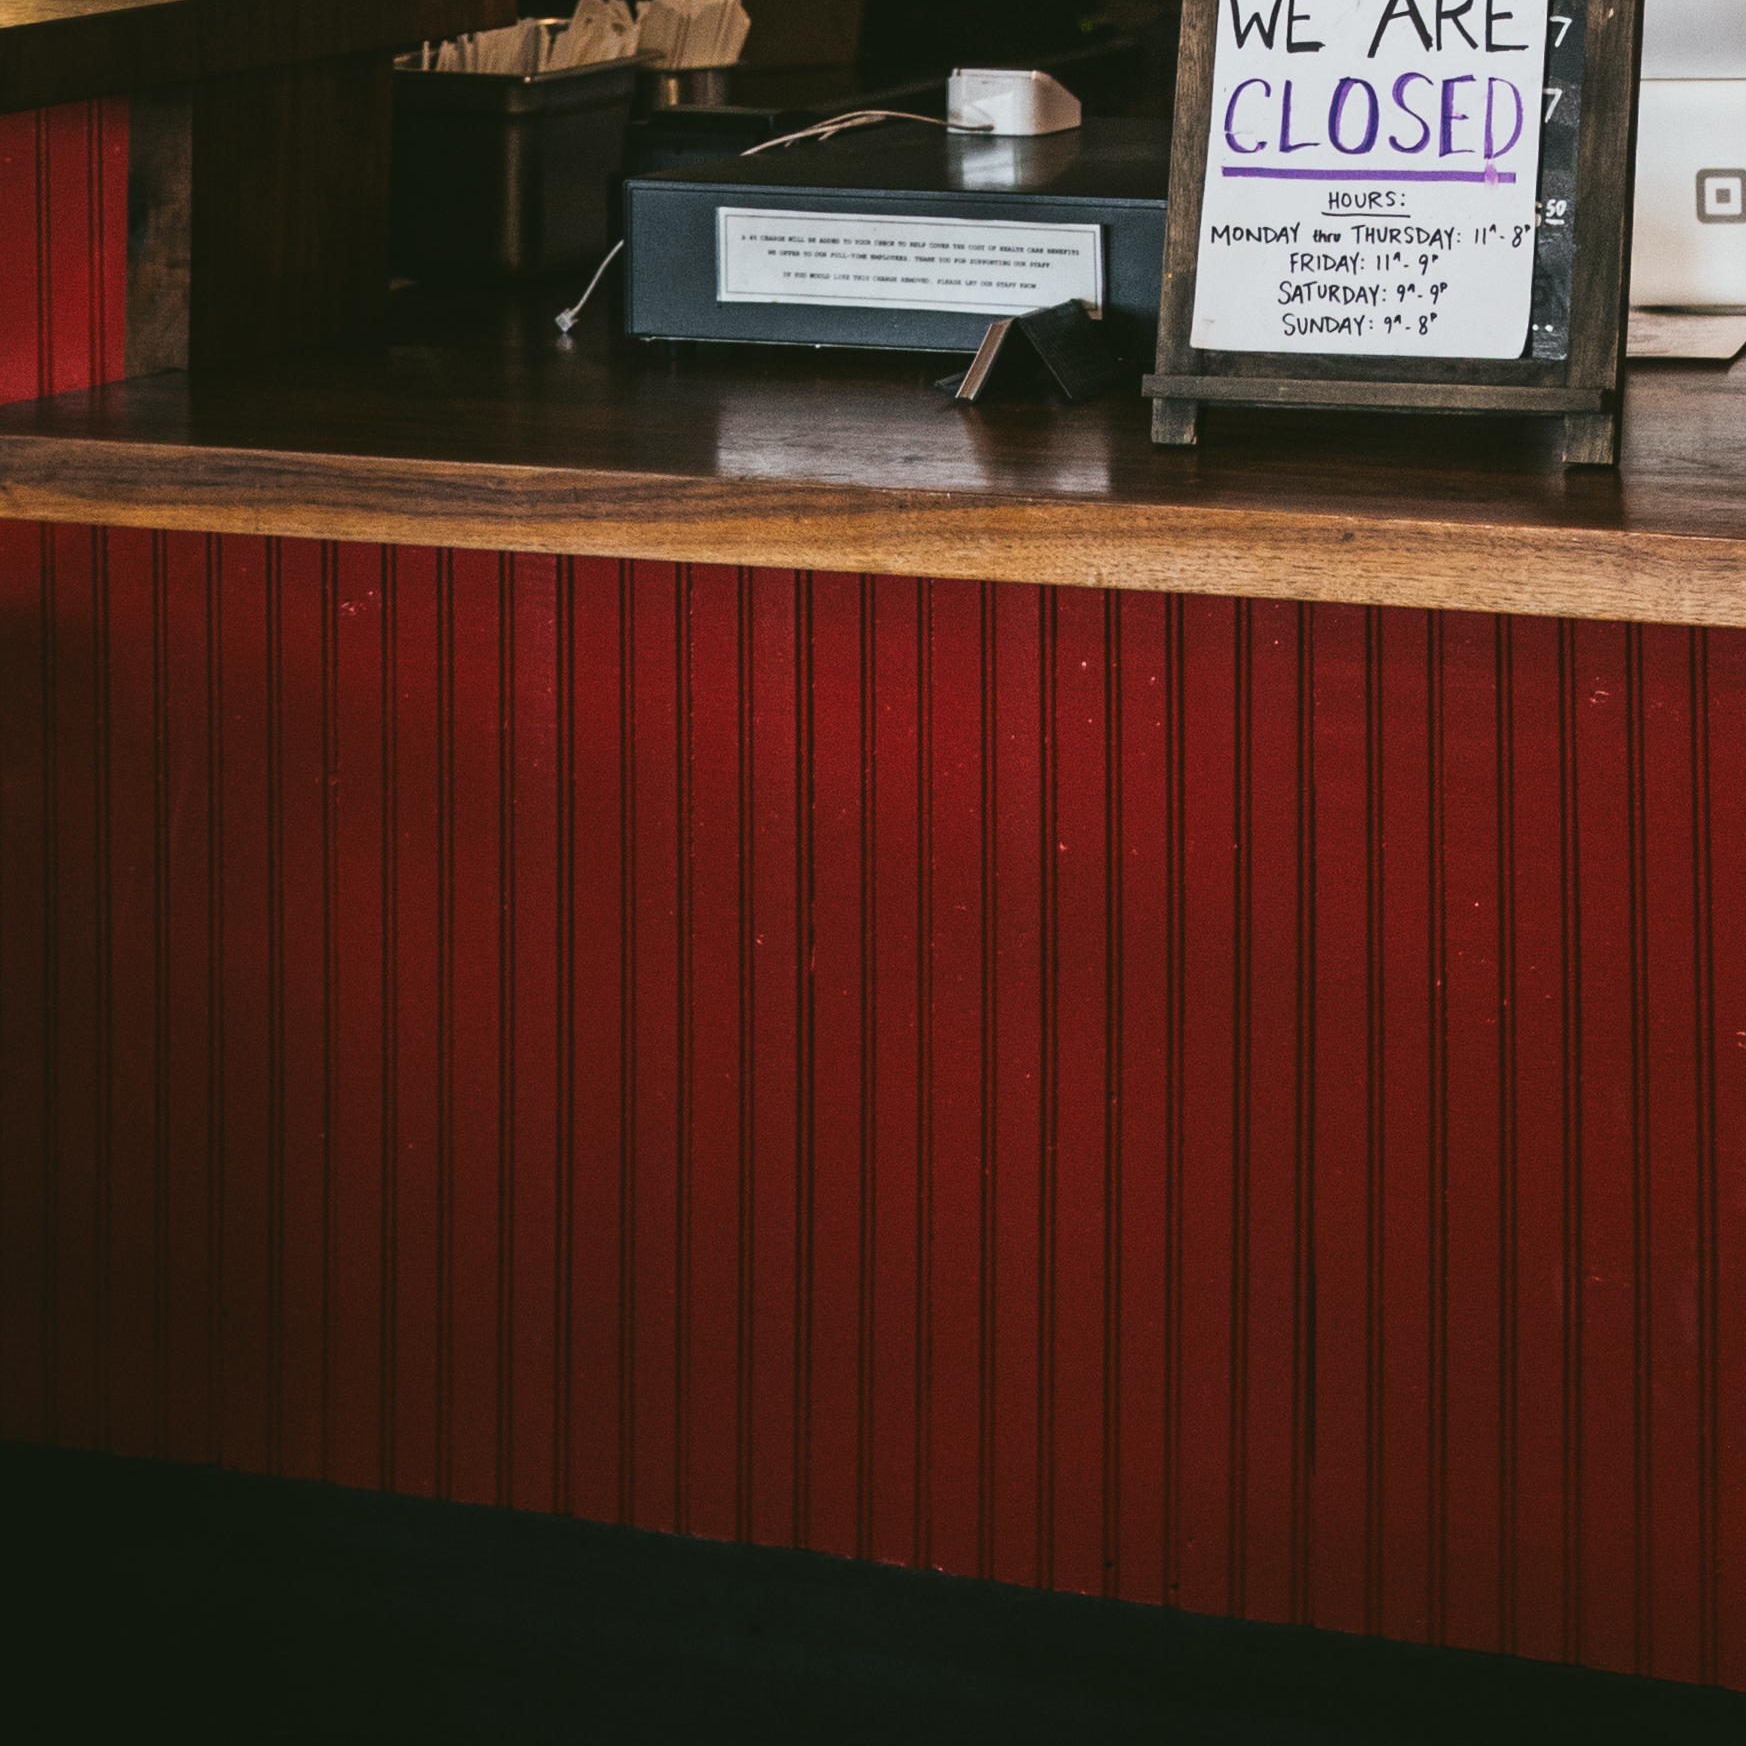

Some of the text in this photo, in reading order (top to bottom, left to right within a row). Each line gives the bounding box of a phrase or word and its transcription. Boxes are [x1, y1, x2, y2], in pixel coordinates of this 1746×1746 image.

[1223, 72, 1523, 159] CLOSED
[1328, 191, 1407, 209] HOURS:
[1211, 222, 1461, 250] MONDAY thru THURSDAY:
[1290, 253, 1365, 273] FRIDAY:
[1278, 281, 1387, 306] SATURDAY:
[1282, 313, 1373, 336] SUNDAY:

## Your goal
Word for word, reproduce all the data, but not the pictures.

## Output of the task
Some of the text in this photo, in reading order (top to bottom, left to right within a row). Each line gives the bounding box of a phrase or word and its transcription. Boxes are [x1, y1, x2, y2], in pixel coordinates of this 1746×1746 image.

[1223, 72, 1523, 159] CLOSED
[1328, 191, 1407, 209] HOURS:
[1211, 222, 1461, 250] MONDAY thru THURSDAY:
[1290, 253, 1365, 273] FRIDAY:
[1278, 281, 1387, 306] SATURDAY:
[1282, 313, 1373, 336] SUNDAY:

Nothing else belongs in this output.